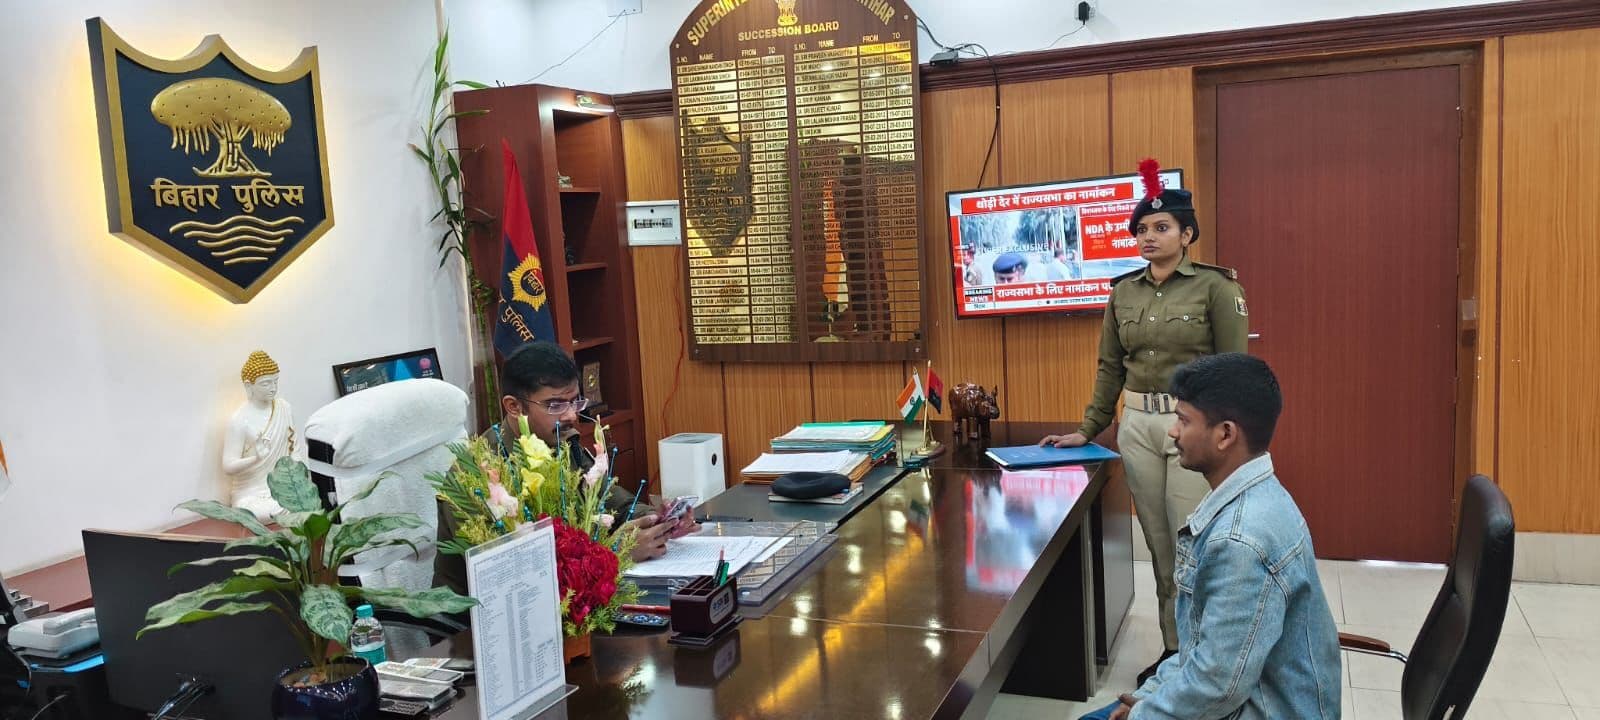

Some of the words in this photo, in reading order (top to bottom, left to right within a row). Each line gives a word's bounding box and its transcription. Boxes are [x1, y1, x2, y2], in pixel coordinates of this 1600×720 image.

[738, 25, 802, 41] SUCCESSION
[804, 21, 840, 34] BOARD
[818, 40, 835, 48] NAME
[862, 34, 879, 43] FROM
[892, 32, 901, 40] TO
[768, 46, 776, 54] TO
[150, 177, 221, 213] बिहार
[231, 177, 305, 214] पुलिस
[976, 195, 997, 211] थोड़ी
[998, 194, 1011, 208] देर
[1012, 193, 1021, 206] में
[1022, 191, 1062, 206] राज्यसभा
[1064, 190, 1078, 201] का
[1078, 186, 1117, 199] नामांकन
[1085, 223, 1105, 235] NDA
[1105, 220, 1114, 232] के
[1113, 219, 1131, 233] उम्मी
[1005, 243, 1049, 254] EXCLUSIVE
[1112, 236, 1137, 249] नामांक
[996, 287, 1033, 300] राज्यसभा
[1035, 284, 1044, 296] के
[1046, 282, 1064, 295] लिए
[1065, 280, 1100, 293] नामांकन
[501, 304, 536, 343] पुलिस

***

What you are asked to do
Exactly as written, restate all of the data, leaving out the images.

Answer to the problem
Some of the words in this photo, in reading order (top to bottom, left to right within a row). Each line gives a word's bounding box and its transcription. Boxes are [x1, y1, x2, y2], in pixel coordinates of this 1600×720 image.

[738, 25, 802, 41] SUCCESSION
[804, 21, 840, 34] BOARD
[818, 40, 835, 48] NAME
[862, 34, 879, 43] FROM
[892, 32, 901, 40] TO
[768, 46, 776, 54] TO
[150, 177, 221, 213] बिहार
[231, 177, 305, 214] पुलिस
[976, 195, 997, 211] थोड़ी
[998, 194, 1011, 208] देर
[1012, 193, 1021, 206] में
[1022, 191, 1062, 206] राज्यसभा
[1064, 190, 1078, 201] का
[1078, 186, 1117, 199] नामांकन
[1085, 223, 1105, 235] NDA
[1105, 220, 1114, 232] के
[1113, 219, 1131, 233] उम्मी
[1005, 243, 1049, 254] EXCLUSIVE
[1112, 236, 1137, 249] नामांक
[996, 287, 1033, 300] राज्यसभा
[1035, 284, 1044, 296] के
[1046, 282, 1064, 295] लिए
[1065, 280, 1100, 293] नामांकन
[501, 304, 536, 343] पुलिस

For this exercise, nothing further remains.